Required work
Every entry in the data is to be written out exactly; no picture belongs in the copy.

[Saved entries]
·····
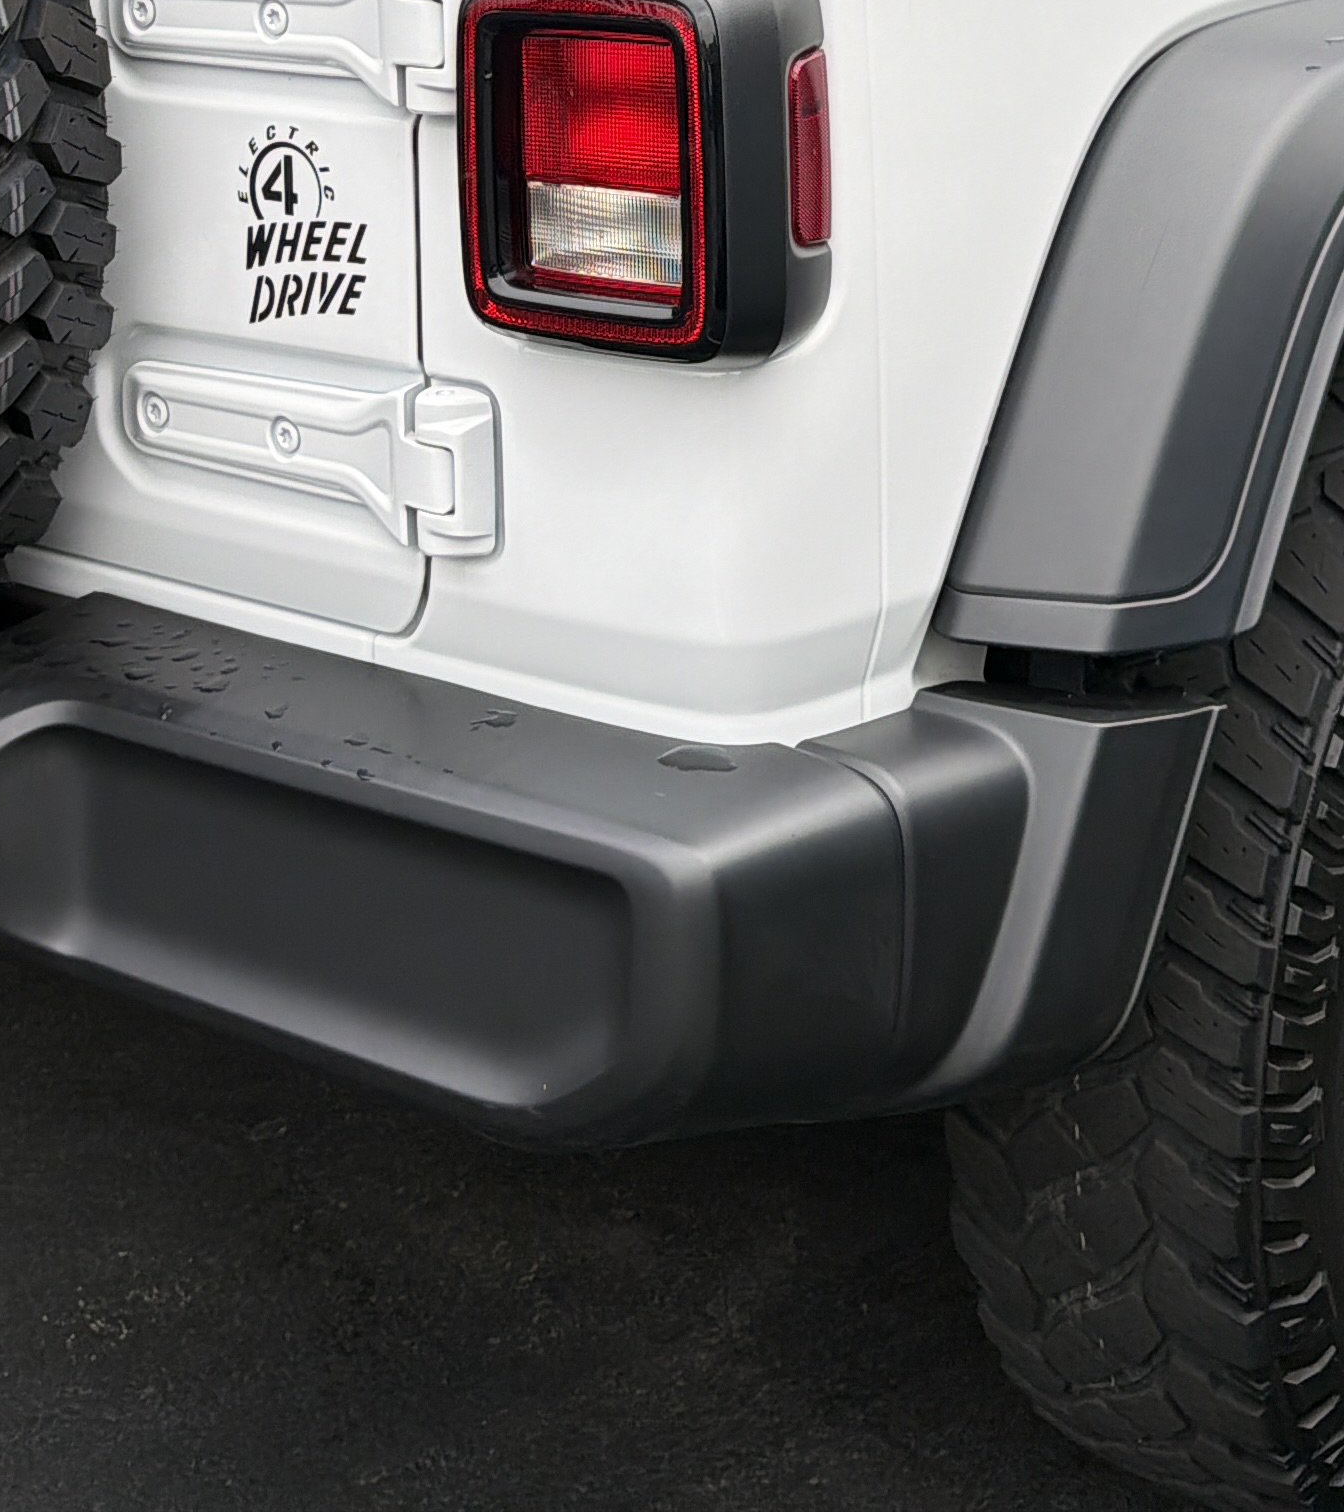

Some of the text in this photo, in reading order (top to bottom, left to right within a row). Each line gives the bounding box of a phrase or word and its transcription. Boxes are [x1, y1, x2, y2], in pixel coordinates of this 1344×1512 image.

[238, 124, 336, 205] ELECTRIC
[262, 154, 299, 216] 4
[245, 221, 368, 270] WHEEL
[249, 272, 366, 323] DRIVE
·····
Task answer
Some of the text in this photo, in reading order (top to bottom, left to right within a row). Each line gives the bounding box of a phrase or word and its transcription. Boxes are [x1, y1, x2, y2], in pixel coordinates of this 1344×1512 image.

[238, 124, 336, 205] ELECTRIC
[262, 154, 299, 216] 4
[245, 221, 368, 270] WHEEL
[249, 272, 366, 323] DRIVE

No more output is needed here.